**Exercise brief:** From the line containing "Some of the words" to the end of the entries, return every line exactly, both ends included, and add nothing.

--- --- ---

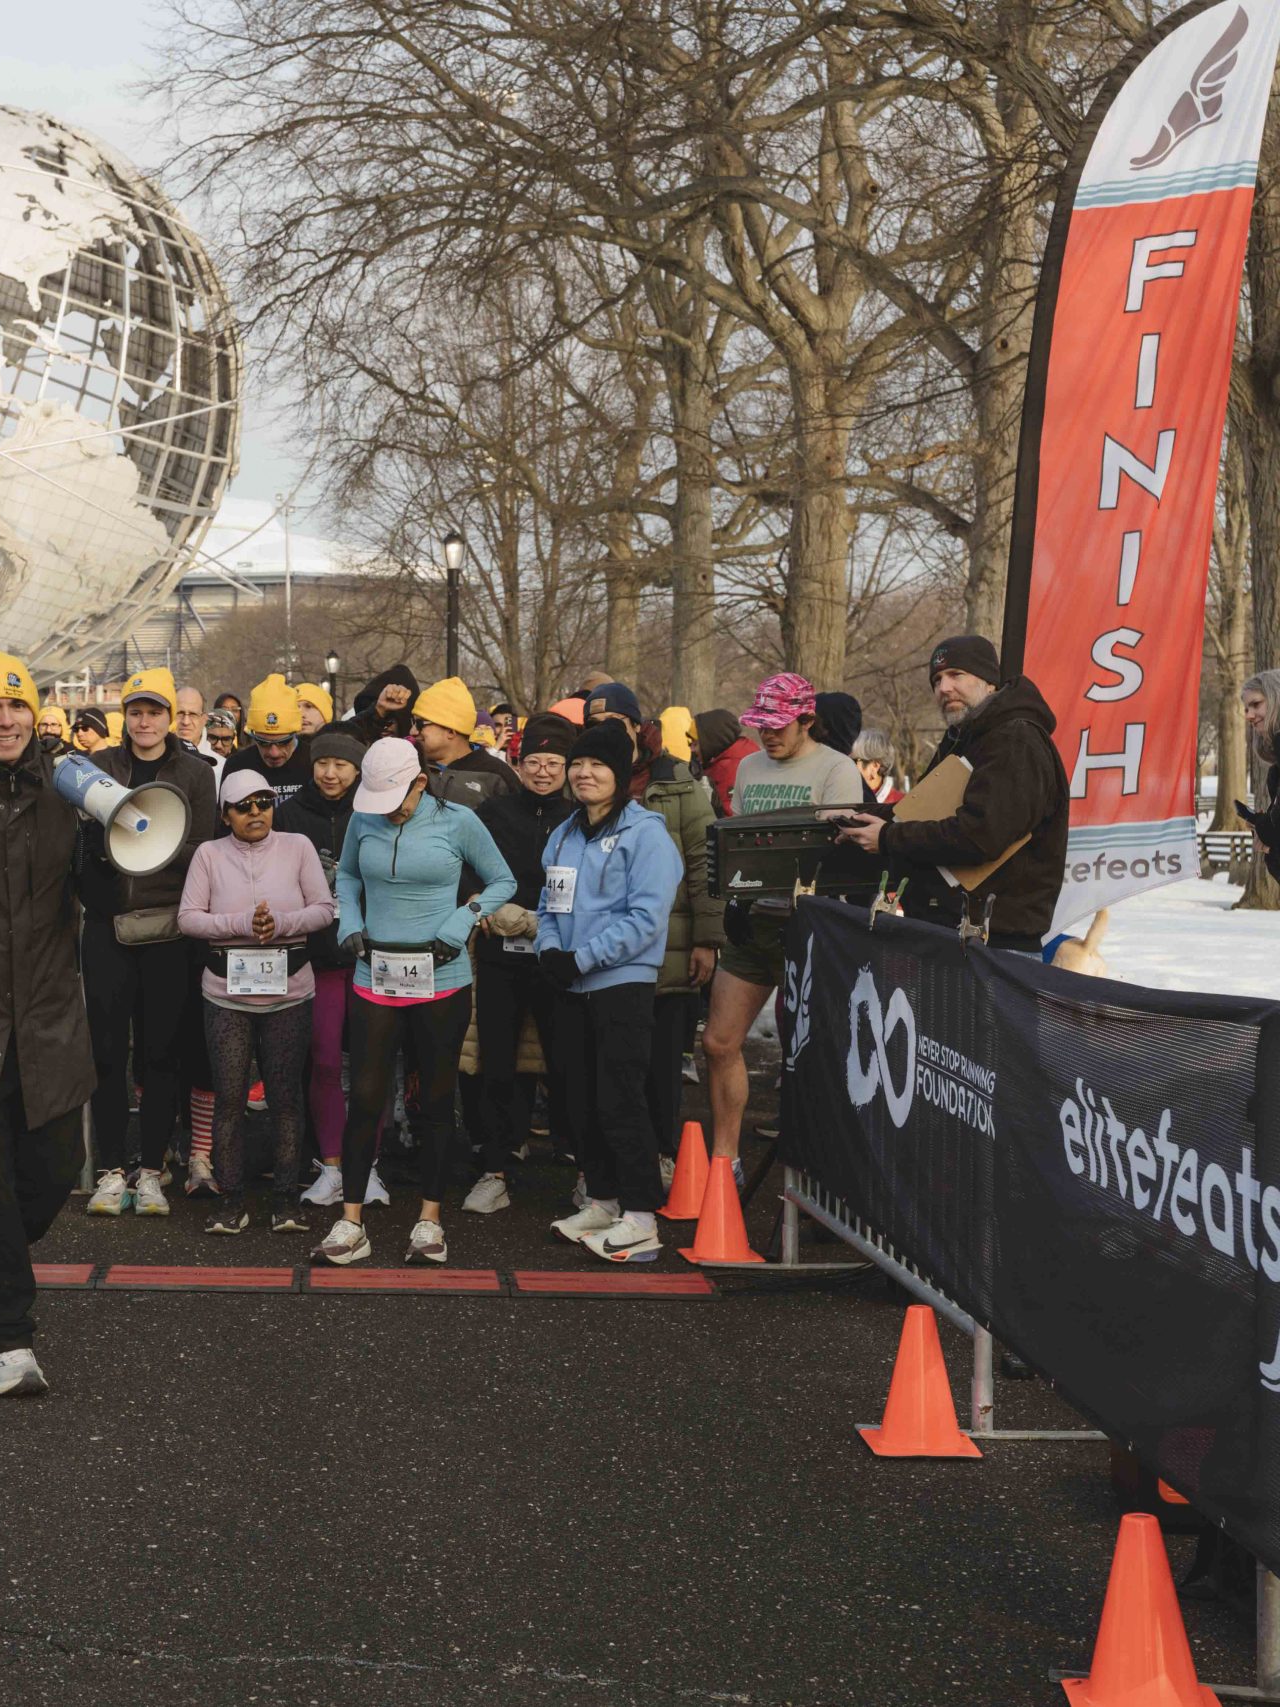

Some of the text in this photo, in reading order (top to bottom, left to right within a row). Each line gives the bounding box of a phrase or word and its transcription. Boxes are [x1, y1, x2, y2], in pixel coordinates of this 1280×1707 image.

[1069, 229, 1198, 799] FINISH
[743, 784, 812, 800] DEMOCRATIC
[547, 878, 565, 892] 414
[260, 961, 274, 974] 13
[403, 964, 418, 978] 14
[918, 1034, 997, 1094] NEVER STOP RUNNING
[916, 1064, 996, 1141] FOUNDATION
[1059, 1077, 1280, 1283] elitefeats
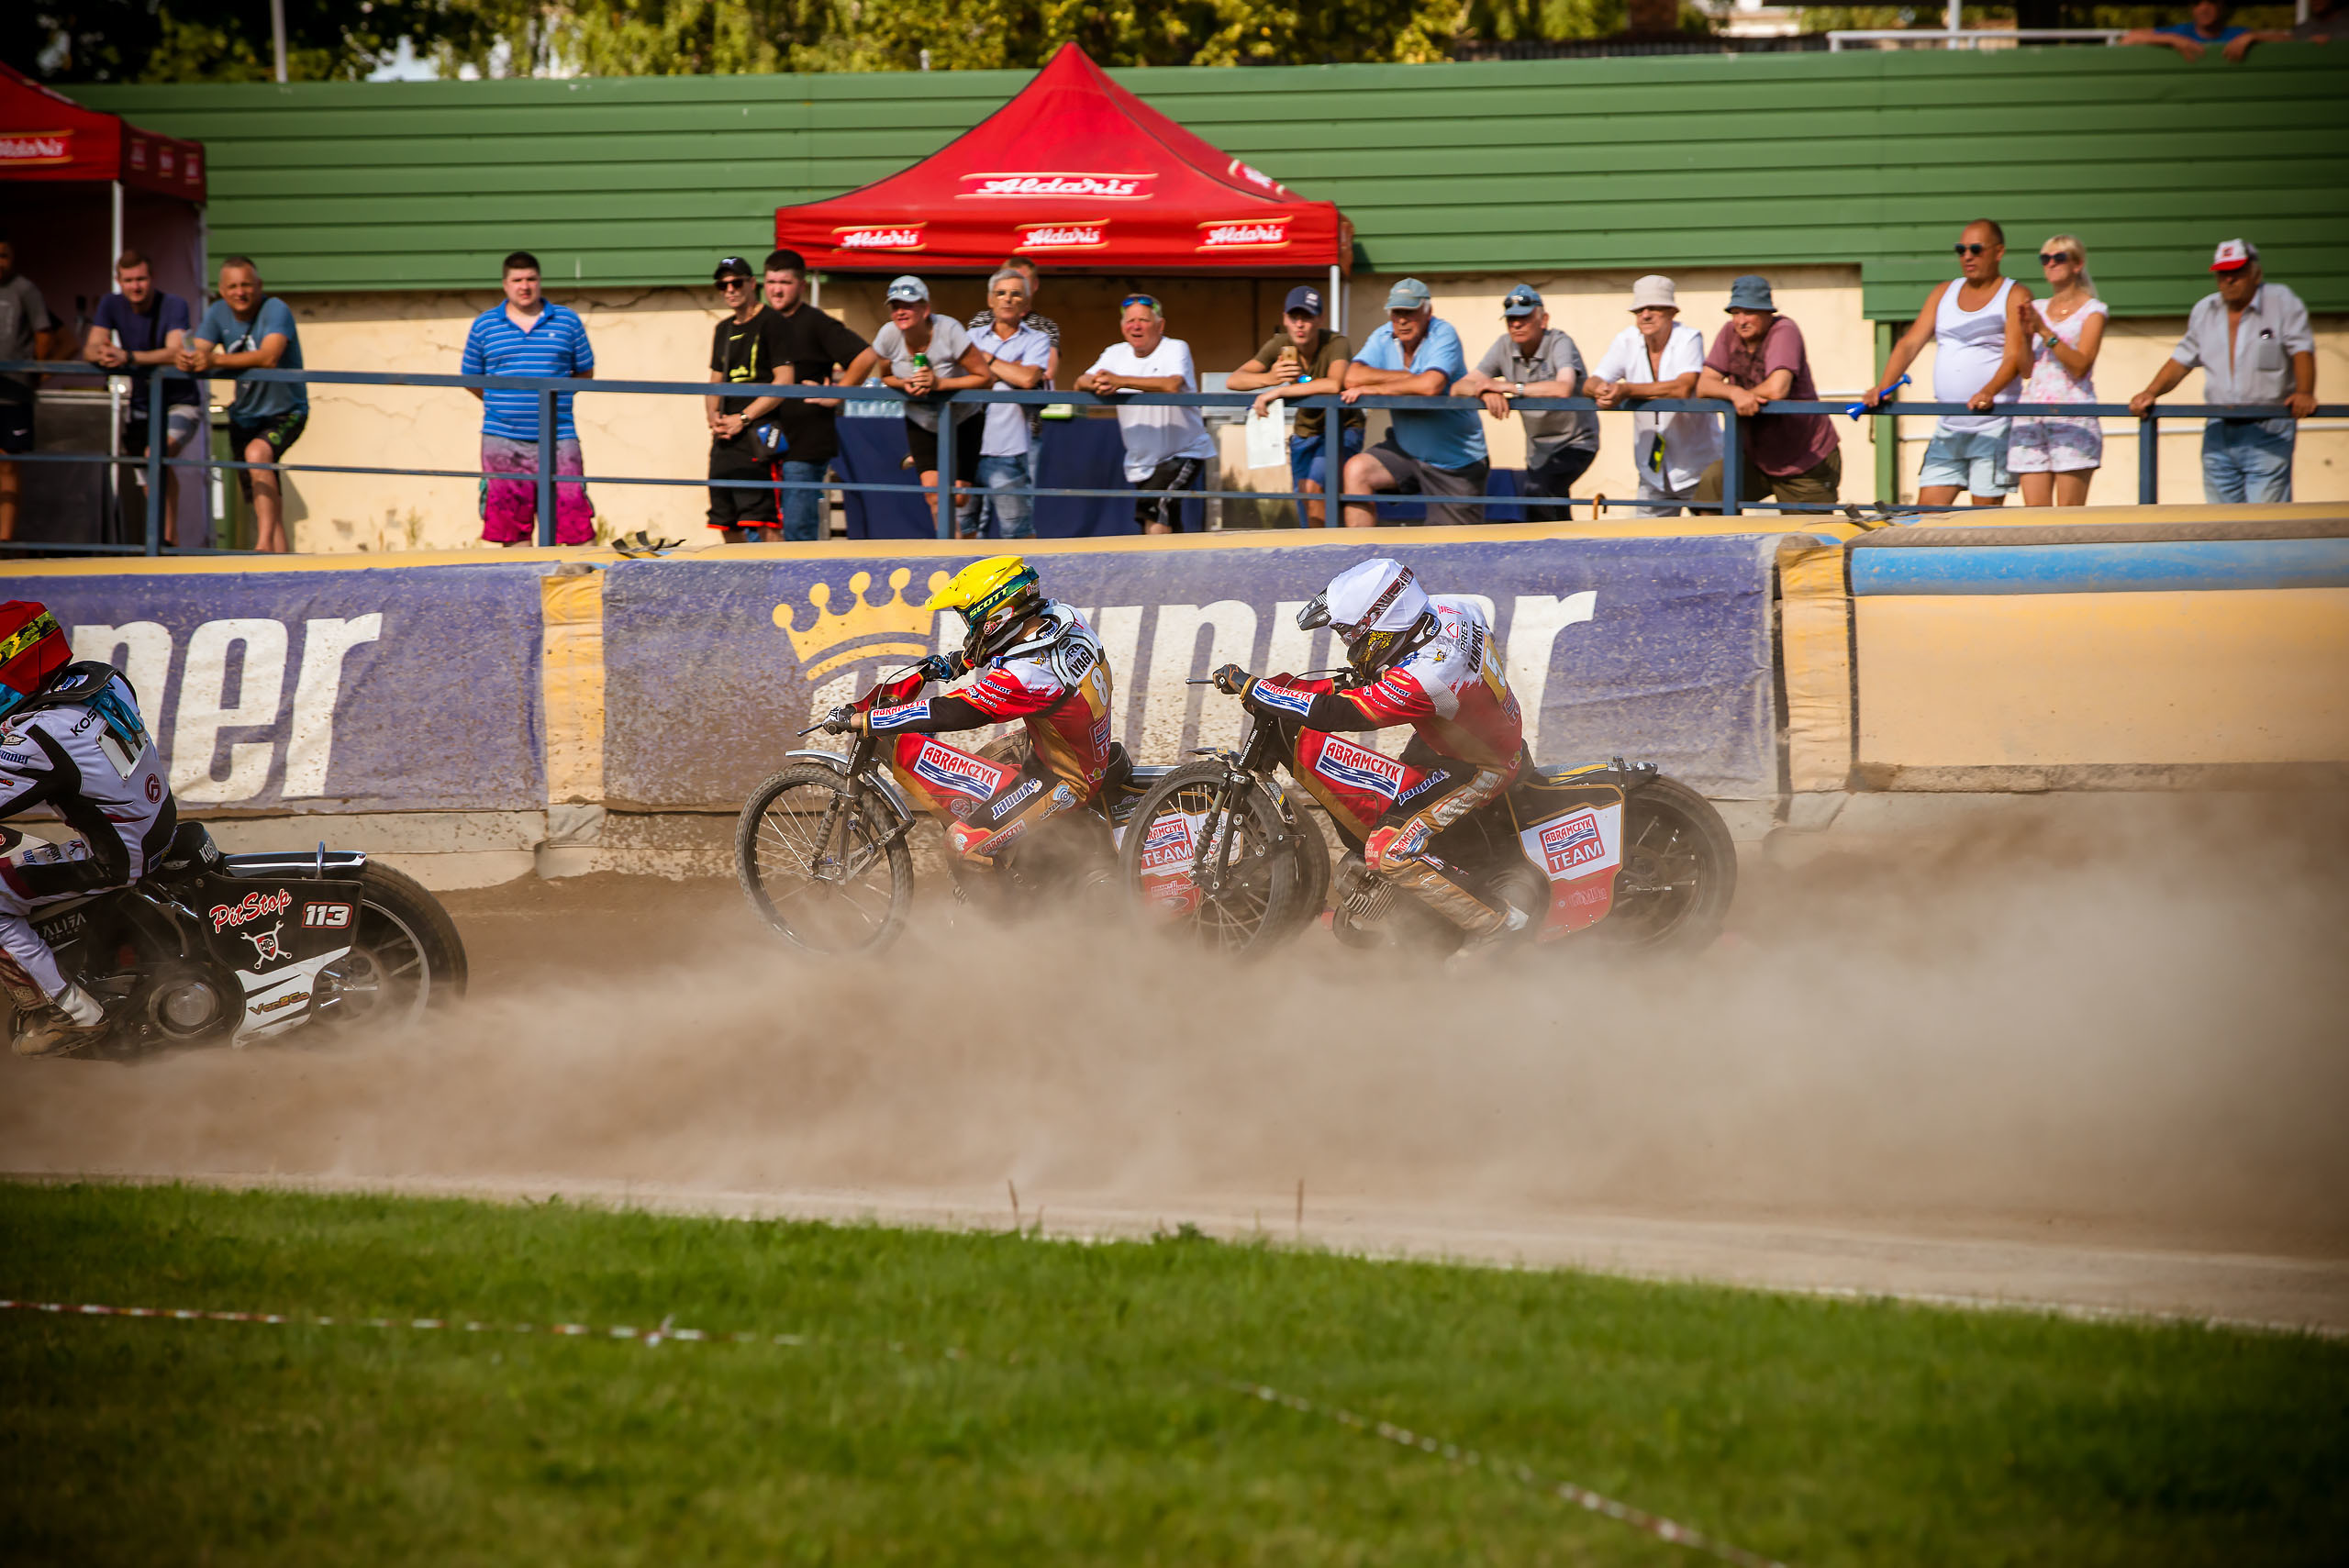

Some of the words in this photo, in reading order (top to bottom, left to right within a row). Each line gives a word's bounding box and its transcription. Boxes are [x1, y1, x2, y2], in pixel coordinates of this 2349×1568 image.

[976, 177, 1140, 195] Aldaris
[841, 229, 918, 249] Aldaris
[1022, 227, 1101, 247] Aldaris
[1205, 225, 1285, 245] Aldaris
[969, 585, 1009, 618] SCOTT
[1468, 619, 1484, 674] LAMPART
[1068, 648, 1094, 679] LYAG
[1486, 646, 1506, 688] 5
[1091, 666, 1108, 707] 8
[1259, 680, 1314, 703] ABRAMCZYK
[923, 746, 998, 786] ABRAMCZYK
[1326, 742, 1401, 782] ABRAMCZYK
[980, 822, 1025, 853] ABRAMCZYK
[1147, 823, 1184, 840] RAMCZYK
[1387, 820, 1424, 858] ABRAMCZYK
[1545, 819, 1593, 843] ABRAMCZYK
[1143, 843, 1193, 867] TEAM
[1550, 840, 1603, 870] TEAM
[209, 888, 292, 934] PitStop
[305, 905, 350, 926] 113
[260, 939, 275, 951] MTC
[248, 991, 311, 1016] Van2Go

--- --- ---

**Your solution:**
Some of the words in this photo, in reading order (top to bottom, left to right within a row). Each line gives a word's bounding box and its transcription. Boxes are [x1, y1, x2, y2], in pixel coordinates of this 2349×1568 image.

[976, 177, 1140, 195] Aldaris
[841, 229, 918, 249] Aldaris
[1022, 227, 1101, 247] Aldaris
[1205, 225, 1285, 245] Aldaris
[969, 585, 1009, 618] SCOTT
[1468, 619, 1484, 674] LAMPART
[1068, 648, 1094, 679] LYAG
[1486, 646, 1506, 688] 5
[1091, 666, 1108, 707] 8
[1259, 680, 1314, 703] ABRAMCZYK
[923, 746, 998, 786] ABRAMCZYK
[1326, 742, 1401, 782] ABRAMCZYK
[980, 822, 1025, 853] ABRAMCZYK
[1147, 823, 1184, 840] RAMCZYK
[1387, 820, 1424, 858] ABRAMCZYK
[1545, 819, 1593, 843] ABRAMCZYK
[1143, 843, 1193, 867] TEAM
[1550, 840, 1603, 870] TEAM
[209, 888, 292, 934] PitStop
[305, 905, 350, 926] 113
[260, 939, 275, 951] MTC
[248, 991, 311, 1016] Van2Go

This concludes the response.